As of 1 January 2017 The Shed will be operated by local promoter Dreaming in Colour Productions, whose managing director, 25-year-old Elisabeth Barker-Carley, has announced a full refurbishment the 200-capacity venue.
“The Shed is an integral part of the music industry, not only in Leicester but in the UK scene as a whole,” says Barkey-Carley. “It’s one of the longest-running venues around, with so much history from the many bands having found their live performing feet there. I just wish the walls could speak.
“It’s such an honour for me personally to be taking this venue on. I hope we do it justice with the acts we’ll be bringing in.”
“I know Elisabeth loves The Shed as much as me and I’m delighted to see her taking the venue forward”

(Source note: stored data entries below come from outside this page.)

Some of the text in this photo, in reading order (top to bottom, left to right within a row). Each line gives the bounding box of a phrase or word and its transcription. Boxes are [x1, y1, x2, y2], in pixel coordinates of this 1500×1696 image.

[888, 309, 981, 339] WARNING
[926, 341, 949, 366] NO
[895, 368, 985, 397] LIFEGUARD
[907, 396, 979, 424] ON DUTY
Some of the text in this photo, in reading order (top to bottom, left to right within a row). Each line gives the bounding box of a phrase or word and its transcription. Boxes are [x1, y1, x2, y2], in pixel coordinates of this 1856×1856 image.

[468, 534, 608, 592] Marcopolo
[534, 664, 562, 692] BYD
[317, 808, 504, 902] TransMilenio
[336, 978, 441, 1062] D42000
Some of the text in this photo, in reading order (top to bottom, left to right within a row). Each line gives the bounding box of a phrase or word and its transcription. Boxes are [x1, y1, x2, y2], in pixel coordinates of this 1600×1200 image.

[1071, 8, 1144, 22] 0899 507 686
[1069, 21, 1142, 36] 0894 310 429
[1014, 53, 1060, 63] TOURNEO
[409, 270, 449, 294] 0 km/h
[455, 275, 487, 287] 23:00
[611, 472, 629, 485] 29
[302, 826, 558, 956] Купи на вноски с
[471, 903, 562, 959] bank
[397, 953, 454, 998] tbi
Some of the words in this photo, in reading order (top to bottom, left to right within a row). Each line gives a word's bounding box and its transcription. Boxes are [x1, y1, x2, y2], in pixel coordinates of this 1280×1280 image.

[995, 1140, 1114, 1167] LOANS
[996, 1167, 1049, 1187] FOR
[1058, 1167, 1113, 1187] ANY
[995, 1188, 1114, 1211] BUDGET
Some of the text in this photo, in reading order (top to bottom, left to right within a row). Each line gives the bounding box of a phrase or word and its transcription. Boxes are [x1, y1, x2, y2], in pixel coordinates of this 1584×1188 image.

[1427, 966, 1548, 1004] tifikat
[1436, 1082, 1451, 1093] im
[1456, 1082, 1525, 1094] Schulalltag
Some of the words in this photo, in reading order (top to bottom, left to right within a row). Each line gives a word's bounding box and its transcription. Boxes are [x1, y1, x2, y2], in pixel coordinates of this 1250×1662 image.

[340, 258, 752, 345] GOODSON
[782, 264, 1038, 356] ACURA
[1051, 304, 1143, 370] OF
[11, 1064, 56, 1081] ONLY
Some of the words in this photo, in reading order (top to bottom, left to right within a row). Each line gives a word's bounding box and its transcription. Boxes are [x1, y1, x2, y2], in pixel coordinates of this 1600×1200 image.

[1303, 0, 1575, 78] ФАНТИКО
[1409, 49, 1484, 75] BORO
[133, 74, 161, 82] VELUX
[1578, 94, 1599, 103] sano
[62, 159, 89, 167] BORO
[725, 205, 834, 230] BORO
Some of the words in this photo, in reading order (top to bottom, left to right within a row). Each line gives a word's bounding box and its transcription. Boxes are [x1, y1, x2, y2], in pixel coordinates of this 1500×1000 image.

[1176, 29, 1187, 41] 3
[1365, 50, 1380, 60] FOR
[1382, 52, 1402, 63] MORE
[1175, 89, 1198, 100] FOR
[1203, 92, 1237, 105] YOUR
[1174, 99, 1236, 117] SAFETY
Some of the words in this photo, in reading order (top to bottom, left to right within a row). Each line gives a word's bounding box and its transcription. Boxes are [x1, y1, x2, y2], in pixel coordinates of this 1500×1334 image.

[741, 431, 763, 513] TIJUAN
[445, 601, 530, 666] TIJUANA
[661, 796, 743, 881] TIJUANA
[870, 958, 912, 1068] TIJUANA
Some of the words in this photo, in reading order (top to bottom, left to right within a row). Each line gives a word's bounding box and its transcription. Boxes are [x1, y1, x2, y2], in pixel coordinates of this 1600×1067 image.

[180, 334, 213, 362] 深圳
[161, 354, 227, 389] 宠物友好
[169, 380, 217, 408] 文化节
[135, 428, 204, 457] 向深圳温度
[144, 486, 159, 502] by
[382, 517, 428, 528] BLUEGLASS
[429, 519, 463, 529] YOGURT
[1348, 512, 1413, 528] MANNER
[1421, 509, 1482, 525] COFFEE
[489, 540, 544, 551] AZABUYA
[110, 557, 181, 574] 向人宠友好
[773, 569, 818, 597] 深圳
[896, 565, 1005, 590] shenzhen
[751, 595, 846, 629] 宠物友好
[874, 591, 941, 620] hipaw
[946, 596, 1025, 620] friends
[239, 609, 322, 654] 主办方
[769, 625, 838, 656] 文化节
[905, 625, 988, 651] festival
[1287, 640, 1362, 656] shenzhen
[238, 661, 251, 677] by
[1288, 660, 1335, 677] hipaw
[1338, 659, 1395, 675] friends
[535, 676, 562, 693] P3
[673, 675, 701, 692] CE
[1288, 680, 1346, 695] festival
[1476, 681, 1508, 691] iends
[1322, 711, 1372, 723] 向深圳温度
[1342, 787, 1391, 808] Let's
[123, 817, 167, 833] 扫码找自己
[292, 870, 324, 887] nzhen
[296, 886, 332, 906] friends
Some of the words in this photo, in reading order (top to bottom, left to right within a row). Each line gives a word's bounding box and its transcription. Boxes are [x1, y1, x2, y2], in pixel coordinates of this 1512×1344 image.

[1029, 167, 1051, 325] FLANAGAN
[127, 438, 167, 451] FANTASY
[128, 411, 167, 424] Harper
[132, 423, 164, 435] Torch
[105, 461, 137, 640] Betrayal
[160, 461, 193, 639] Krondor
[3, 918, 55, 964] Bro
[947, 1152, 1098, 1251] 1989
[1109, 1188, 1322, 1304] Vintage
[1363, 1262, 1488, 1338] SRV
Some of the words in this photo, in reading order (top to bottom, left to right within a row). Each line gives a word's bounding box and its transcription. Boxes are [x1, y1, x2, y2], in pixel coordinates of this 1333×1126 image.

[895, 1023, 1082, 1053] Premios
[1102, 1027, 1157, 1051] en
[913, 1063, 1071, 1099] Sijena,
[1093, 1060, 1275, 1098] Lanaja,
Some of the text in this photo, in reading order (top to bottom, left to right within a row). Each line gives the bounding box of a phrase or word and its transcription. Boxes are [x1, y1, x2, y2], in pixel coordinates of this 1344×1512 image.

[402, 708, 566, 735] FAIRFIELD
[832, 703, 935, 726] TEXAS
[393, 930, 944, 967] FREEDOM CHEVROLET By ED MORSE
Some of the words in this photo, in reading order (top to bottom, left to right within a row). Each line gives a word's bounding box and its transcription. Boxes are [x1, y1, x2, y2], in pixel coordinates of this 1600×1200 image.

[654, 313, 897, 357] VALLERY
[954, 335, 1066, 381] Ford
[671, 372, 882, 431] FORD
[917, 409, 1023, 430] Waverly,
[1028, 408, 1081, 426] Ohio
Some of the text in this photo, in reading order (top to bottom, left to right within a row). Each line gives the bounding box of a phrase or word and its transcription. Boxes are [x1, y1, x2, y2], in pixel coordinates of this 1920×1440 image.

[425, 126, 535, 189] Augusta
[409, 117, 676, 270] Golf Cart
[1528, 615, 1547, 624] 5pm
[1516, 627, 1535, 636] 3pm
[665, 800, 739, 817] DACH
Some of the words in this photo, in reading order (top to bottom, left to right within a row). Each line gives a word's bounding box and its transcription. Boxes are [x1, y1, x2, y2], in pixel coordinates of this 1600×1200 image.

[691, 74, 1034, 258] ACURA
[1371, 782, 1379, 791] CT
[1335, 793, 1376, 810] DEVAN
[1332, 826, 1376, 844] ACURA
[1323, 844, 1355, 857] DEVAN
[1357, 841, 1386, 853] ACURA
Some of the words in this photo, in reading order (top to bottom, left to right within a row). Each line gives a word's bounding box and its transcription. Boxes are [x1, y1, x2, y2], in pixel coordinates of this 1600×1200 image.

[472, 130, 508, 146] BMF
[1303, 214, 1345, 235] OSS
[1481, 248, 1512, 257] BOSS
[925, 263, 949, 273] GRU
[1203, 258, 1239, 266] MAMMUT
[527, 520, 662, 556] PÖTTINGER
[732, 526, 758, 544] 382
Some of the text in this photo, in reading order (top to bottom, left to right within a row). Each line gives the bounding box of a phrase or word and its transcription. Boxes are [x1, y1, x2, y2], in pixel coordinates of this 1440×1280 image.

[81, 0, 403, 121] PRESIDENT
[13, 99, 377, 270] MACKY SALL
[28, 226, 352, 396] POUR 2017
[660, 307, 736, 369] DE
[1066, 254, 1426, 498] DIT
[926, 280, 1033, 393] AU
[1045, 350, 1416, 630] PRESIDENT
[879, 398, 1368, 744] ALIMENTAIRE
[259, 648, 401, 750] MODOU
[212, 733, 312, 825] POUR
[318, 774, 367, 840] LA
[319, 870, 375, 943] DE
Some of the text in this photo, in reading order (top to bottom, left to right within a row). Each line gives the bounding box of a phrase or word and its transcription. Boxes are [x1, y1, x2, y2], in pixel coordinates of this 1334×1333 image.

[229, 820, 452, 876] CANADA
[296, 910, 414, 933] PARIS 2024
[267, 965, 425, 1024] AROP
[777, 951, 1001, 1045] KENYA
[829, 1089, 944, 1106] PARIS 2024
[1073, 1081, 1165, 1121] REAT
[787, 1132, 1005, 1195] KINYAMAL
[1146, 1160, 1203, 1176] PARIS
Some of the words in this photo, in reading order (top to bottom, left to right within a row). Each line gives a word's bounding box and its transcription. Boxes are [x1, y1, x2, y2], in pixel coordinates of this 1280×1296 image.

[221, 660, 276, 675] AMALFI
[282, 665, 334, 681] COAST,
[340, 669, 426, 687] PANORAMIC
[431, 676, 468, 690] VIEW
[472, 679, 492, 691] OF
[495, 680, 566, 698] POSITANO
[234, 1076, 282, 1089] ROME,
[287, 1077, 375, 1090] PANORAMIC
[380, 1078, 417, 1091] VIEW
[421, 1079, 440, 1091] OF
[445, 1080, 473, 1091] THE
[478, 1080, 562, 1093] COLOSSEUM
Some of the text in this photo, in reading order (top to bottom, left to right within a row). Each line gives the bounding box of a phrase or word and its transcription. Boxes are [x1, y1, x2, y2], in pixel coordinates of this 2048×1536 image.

Kevin Holyland, who has run the venue since its opening in 1994, adds: “Having opened The Attik in 1985 and then The Shed in 1994, I’m delighted that live music will be continuing at the venue and am especially happy that the running of this will now be passed on to someone who grew up coming to shows at The Shed. I know Elisabeth loves the venue as much as me and I’m delighted to see her taking the venue forward.”
Bands who performed at The Shed early in the careers include Ellie Goulding, Kasabian and the Arctic Monkeys.
The venue’s final event under its current management will be on new year’s eve.